It was one of my most intriguing search results that carried me down a techie rabbit hole, so to speak. Among the Android hidden object games and Nintendo DS cartridges, I discovered an old-school Titanic-themed point-and-click adventure game from 1996 called Titanic: Adventure Out of Time that exists and is available for free…I said, FREE, yo! Heck yeah! I’ll give free a try! But, judging from its age, I knew the possibility existed there’d be some compatibility issues with my Windows 10 machine. Not to fear, many people managed to get the game playing, so I decided to give it a try.

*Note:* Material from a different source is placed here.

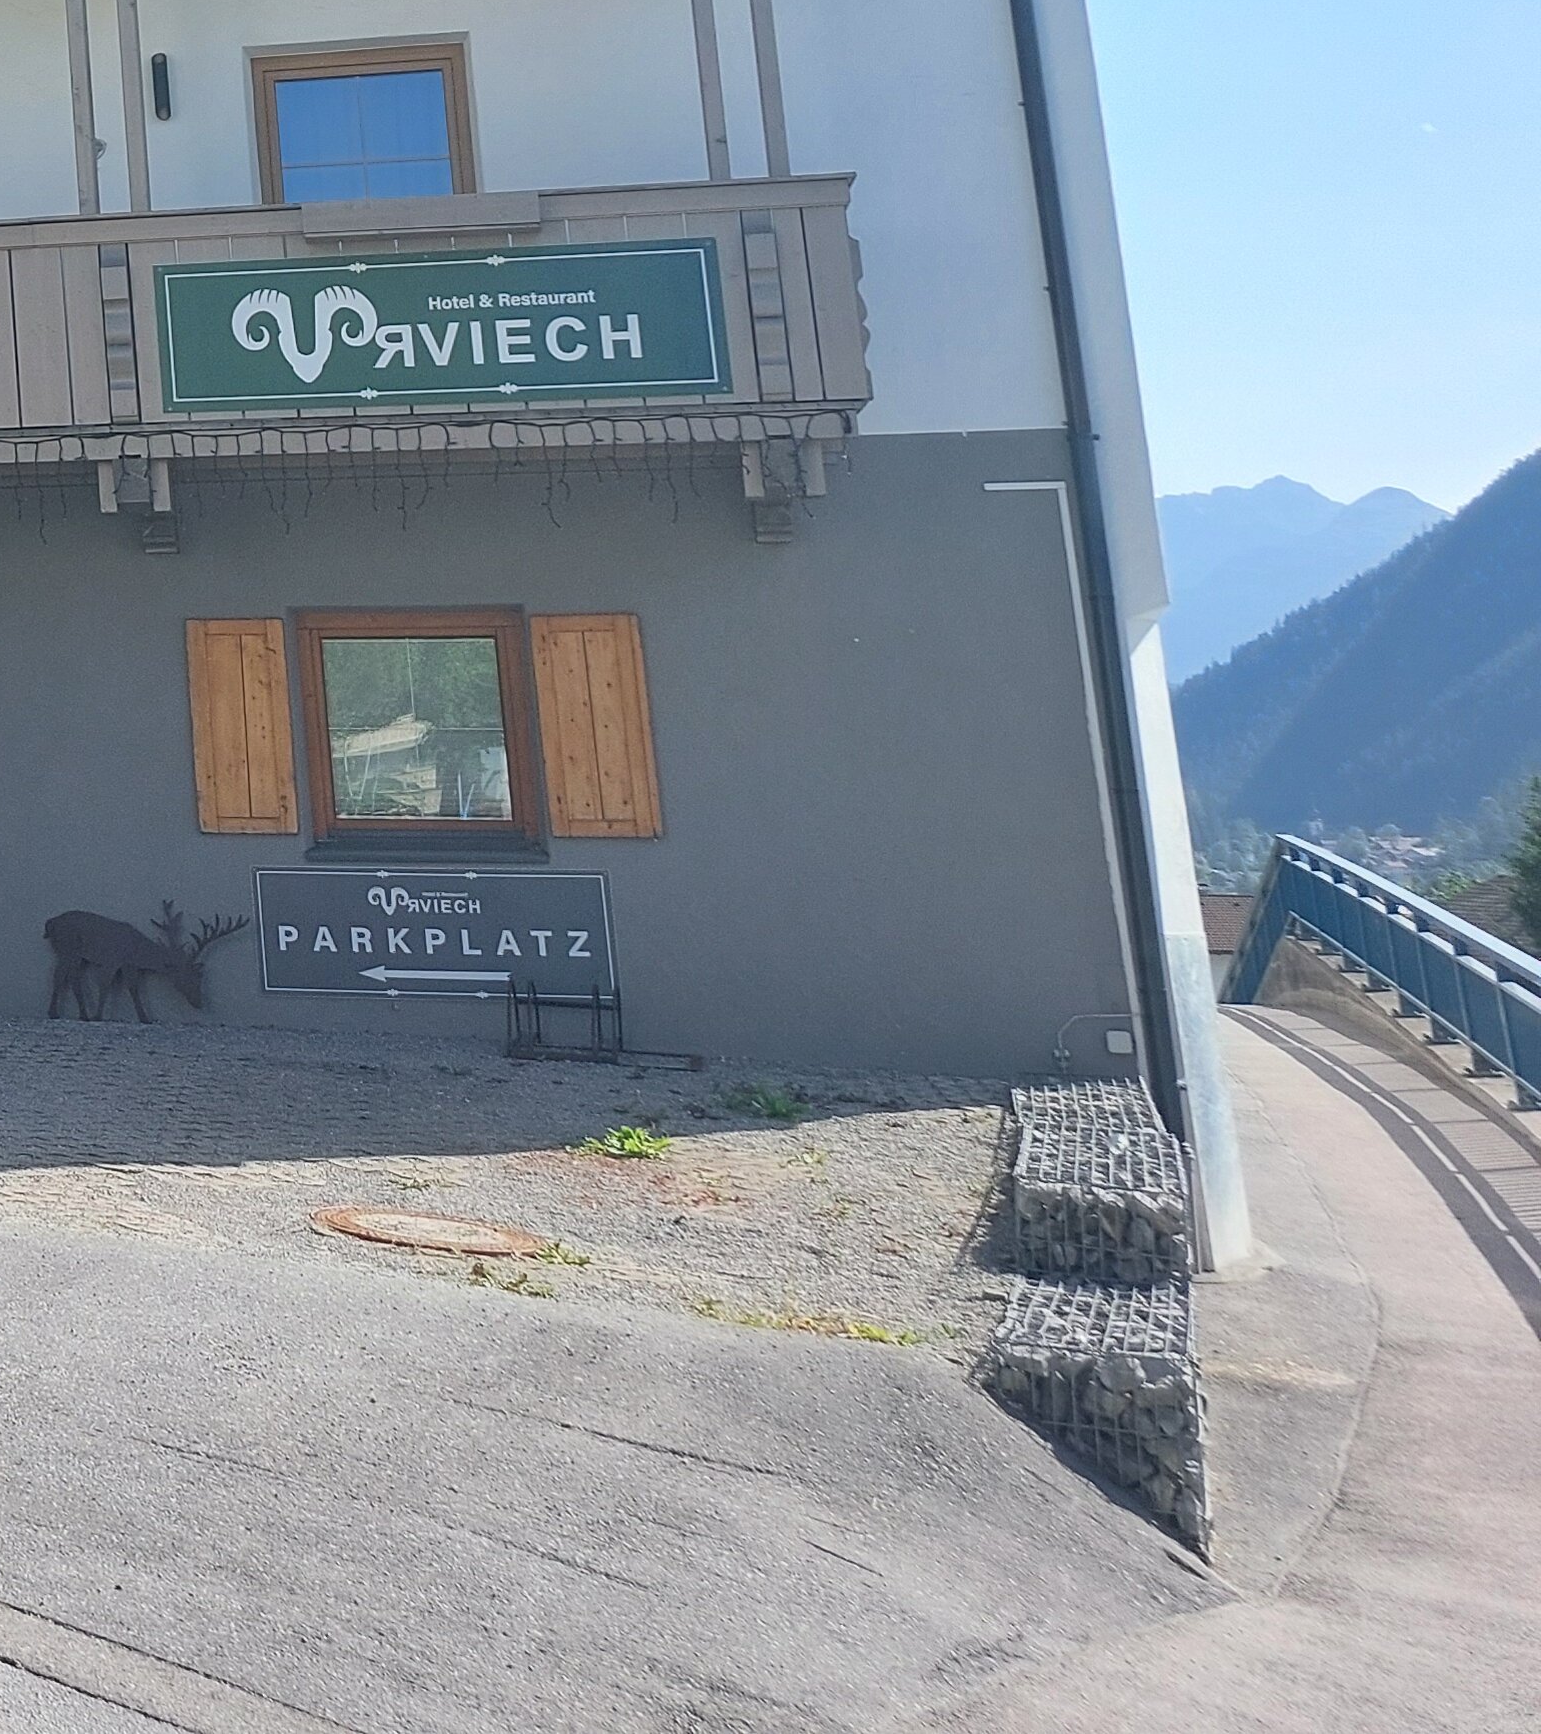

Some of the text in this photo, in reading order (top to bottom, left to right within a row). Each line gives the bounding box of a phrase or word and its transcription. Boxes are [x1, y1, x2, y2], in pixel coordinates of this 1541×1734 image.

[427, 288, 596, 311] Hotel & Restaurant
[278, 924, 592, 958] PARKPLATZ

The first step was to install something called DOSBox in order to run Titanic: Adventure Out of Time. DOSBox, in the simplest of terms, is a program that emulates old-timey PC games. At first I thought I’d be having to code my way through DOSBox’s installation. Thankfully, it wound up being less arduous than that – thorough instructions exist all over the place, and I have little fear navigating the guts of my computer, so I managed to install and get the game running. I giggled with glee when I first started the program, and the Windows 3.1 window popped up. Just then my husband walked in and said, “You’re running DOSBox? What?! You installed DOSBox to PLAY A GAME?? Wow, that’s hardcore!” Uh, thanks! {Psst, it wasn’t that difficult…}

Titanic: Adventure Out of Time sees you as Frank, an old British spy who failed a mission on the original RMS Titanic in April 1912, and who, having escaped its tragedy, is now living in London in 1942. A bomb hits his apartment and knocks him out, propelling him back in time to 1912, on-board the Titanic, on the fateful night it hit an iceberg. This is where you as Frank can “right some wrongs” by completing tasks assigned by your Superior, Agent Penny Pringle. Some of the missions involve speaking with suspicious passengers and retrieving items which would prevent the two World Wars and the Russian Revolution from ever starting. You are to complete your missions before the Titanic sinks, which, if accomplished, ensure a happy ending of waking up from your knockout, at home, and living in peace. There are different endings too, depending on what missions you completed before the ship sinks. A number of side-missions are available that you can complete that really have no bearing on the game’s outcome, but can allow for a full-bodied experience.

The mapping system

What puts this game above a lot of other games during this time period is the graphics. The developers were seeking an authentic Titanic experience, and a lot of care was put into ensuring a complete computer-generated replica of the mighty ship was created. Let me tell you: the graphics are incredible. The gamer is permitted and encouraged to tour the majority of the ship. Every inch, including statues, was represented. Maps are provided of the ship to allow you to port to different areas of the ship without having to walk through the entirety of the ship to figure it out yourself, and you are also welcome to ask around to key ship personnel where certain areas are if you get lost.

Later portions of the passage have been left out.